▸ **WHAT TO WORK ON**:
Each record that follows goes into your reply unchanged; the pictures do not.

▸ **DATA TO USE**:
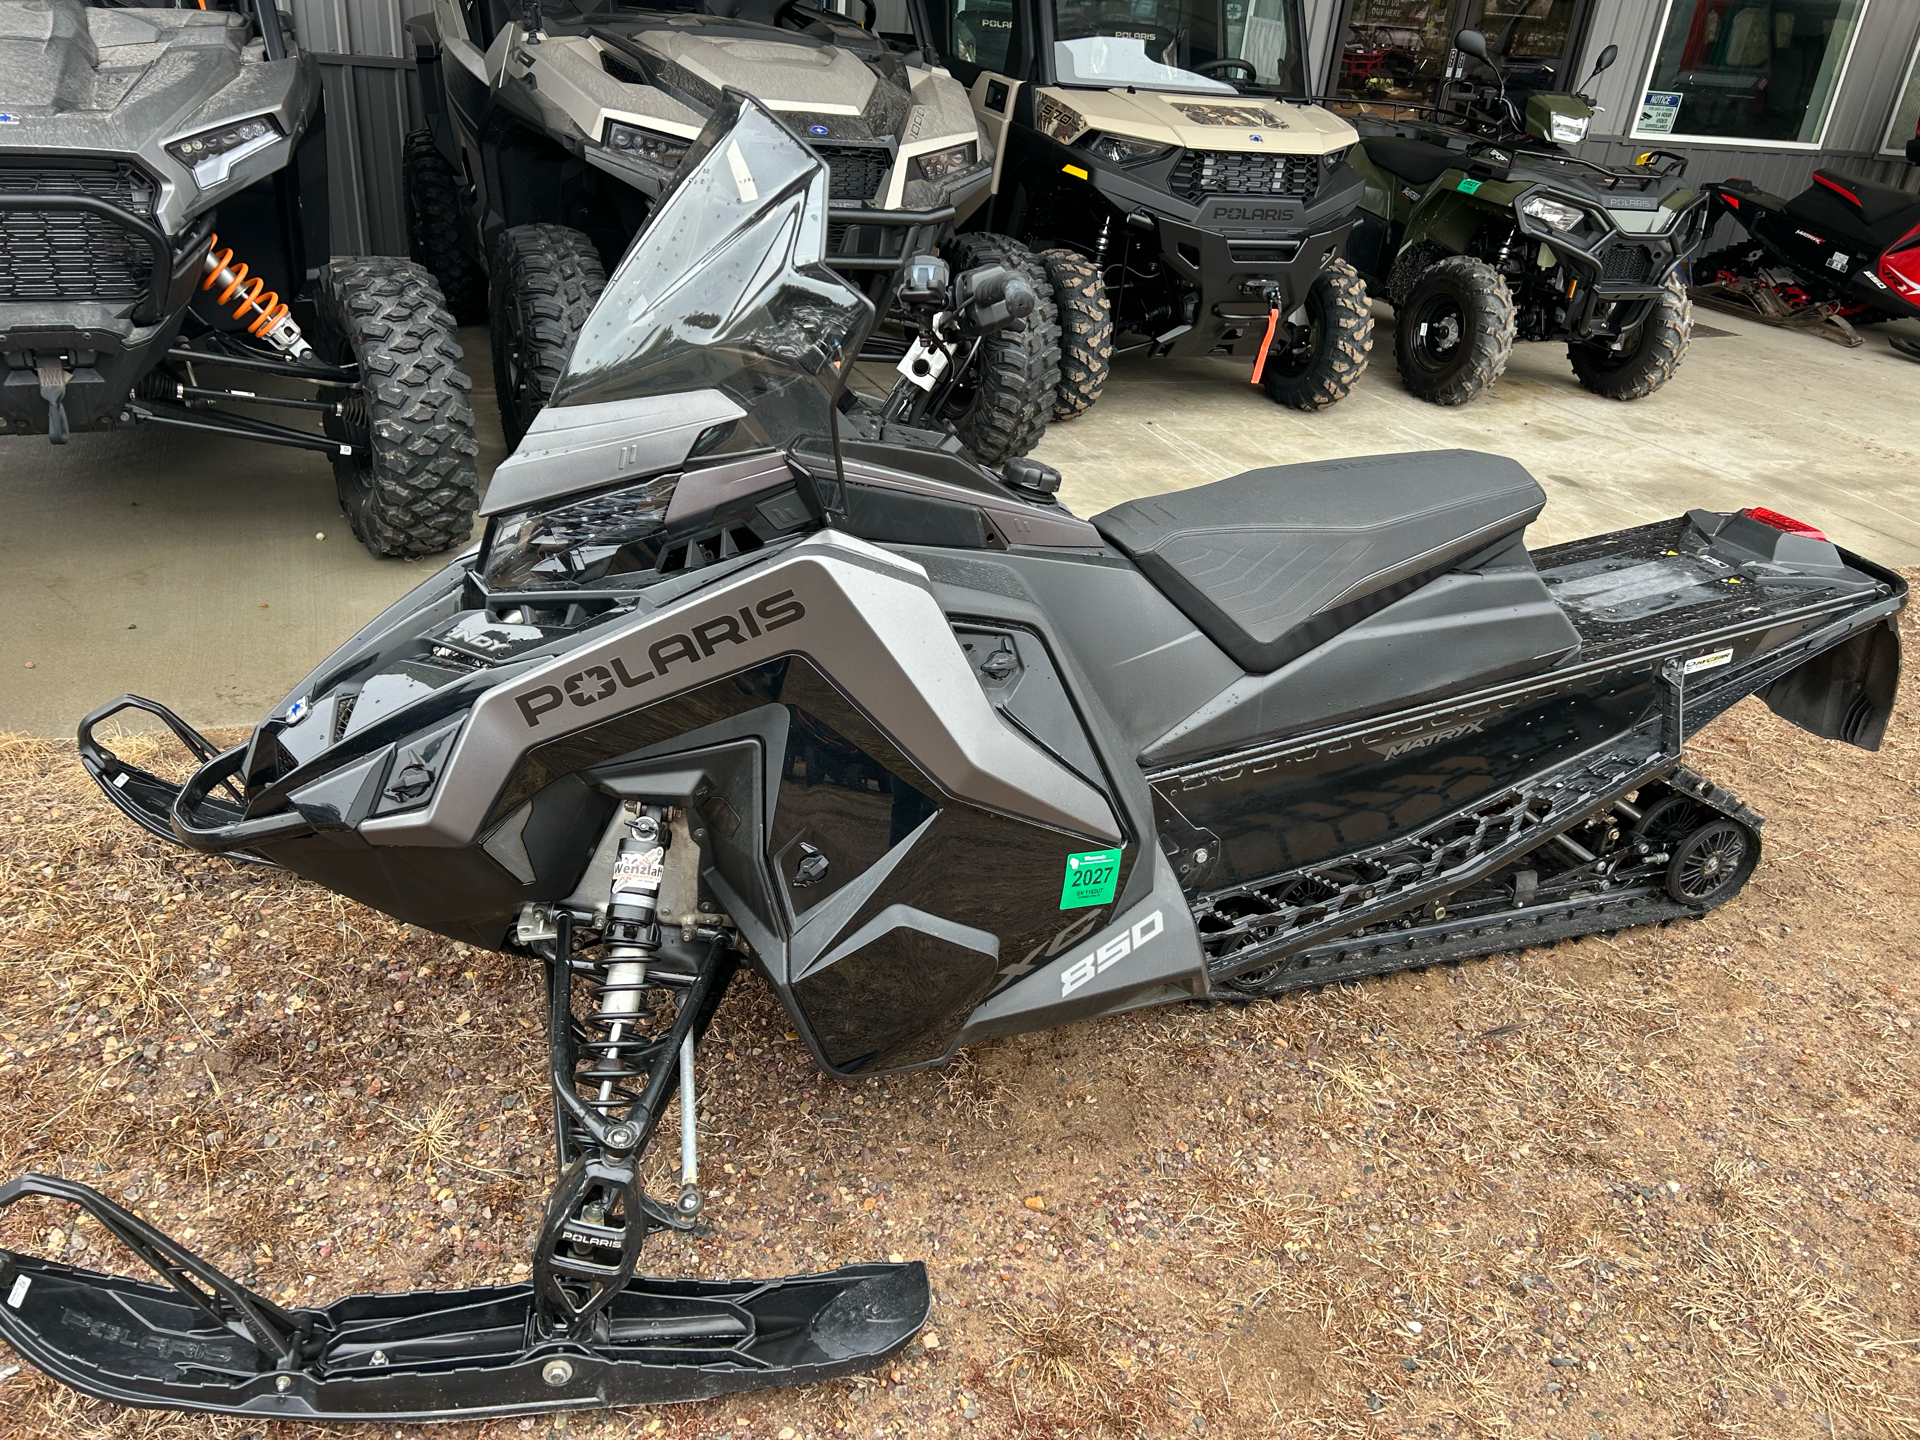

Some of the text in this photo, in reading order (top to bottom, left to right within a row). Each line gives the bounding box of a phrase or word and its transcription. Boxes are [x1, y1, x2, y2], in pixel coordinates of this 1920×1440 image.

[1115, 31, 1156, 41] POLARIS
[508, 39, 537, 69] XP
[1650, 95, 1671, 105] NOTICE
[909, 106, 926, 140] 1000
[1042, 104, 1073, 126] 570
[1213, 207, 1294, 221] POLARIS
[1611, 198, 1651, 208] POLARIS
[446, 627, 510, 651] INDY
[514, 588, 806, 728] POLARIS
[1383, 718, 1486, 761] MATRYX
[1071, 866, 1113, 887] 2027
[983, 908, 1103, 999] XC
[1061, 909, 1164, 999] 850
[562, 1231, 622, 1249] POLARIS
[61, 1307, 232, 1362] POLARIS
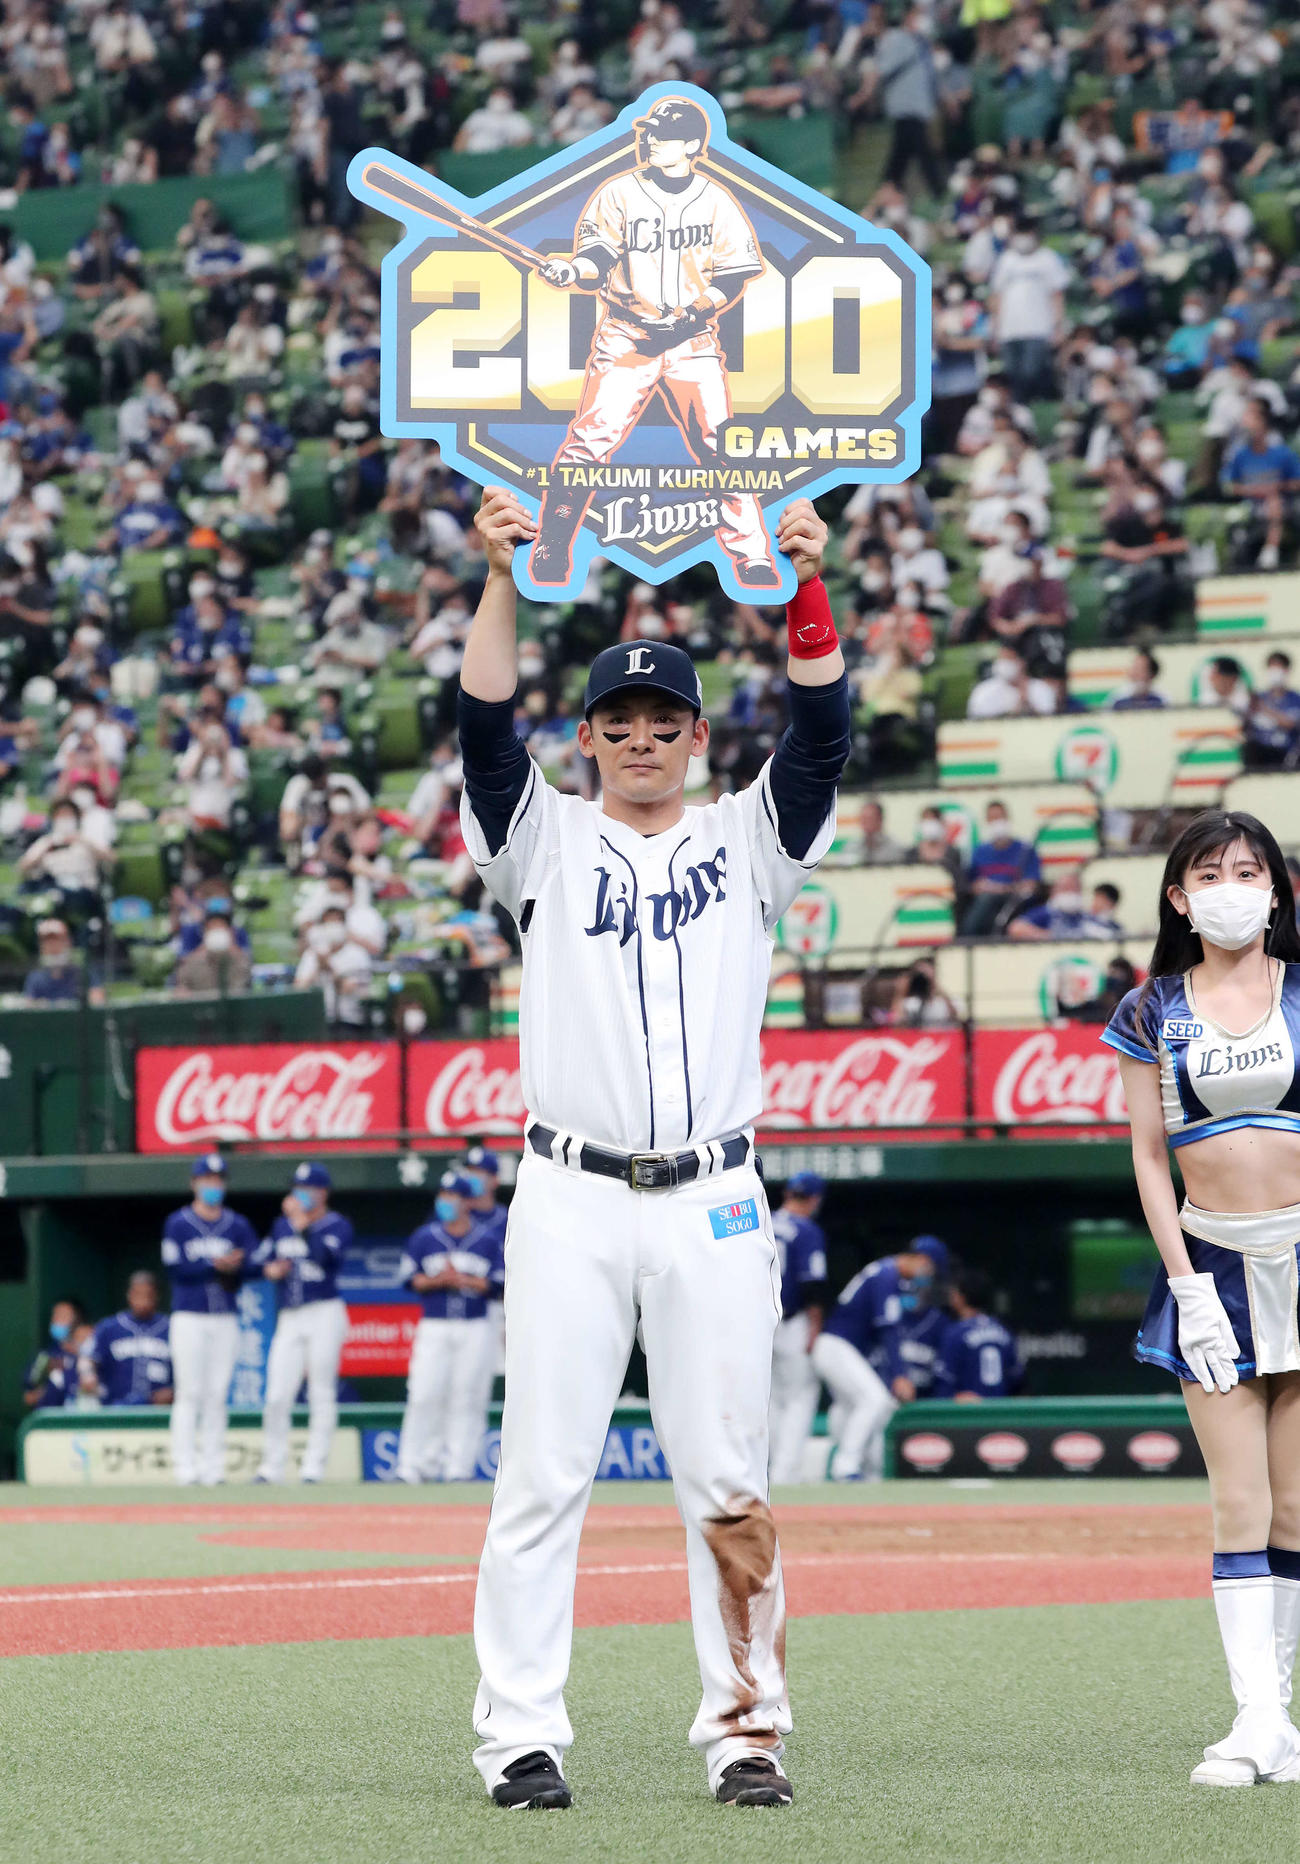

▸ **ANSWER TO THE EXERCISE**:
Some of the text in this photo, in reading order (top to bottom, left to right within a row). Each line gives the bounding box of a phrase or word and its transcription. Boxes are [x1, y1, x2, y2], in pixel coordinates of this 1920×1440 image.

[1115, 31, 1156, 41] POLARIS
[508, 39, 537, 69] XP
[1650, 95, 1671, 105] NOTICE
[909, 106, 926, 140] 1000
[1042, 104, 1073, 126] 570
[1213, 207, 1294, 221] POLARIS
[1611, 198, 1651, 208] POLARIS
[446, 627, 510, 651] INDY
[514, 588, 806, 728] POLARIS
[1383, 718, 1486, 761] MATRYX
[1071, 866, 1113, 887] 2027
[983, 908, 1103, 999] XC
[1061, 909, 1164, 999] 850
[562, 1231, 622, 1249] POLARIS
[61, 1307, 232, 1362] POLARIS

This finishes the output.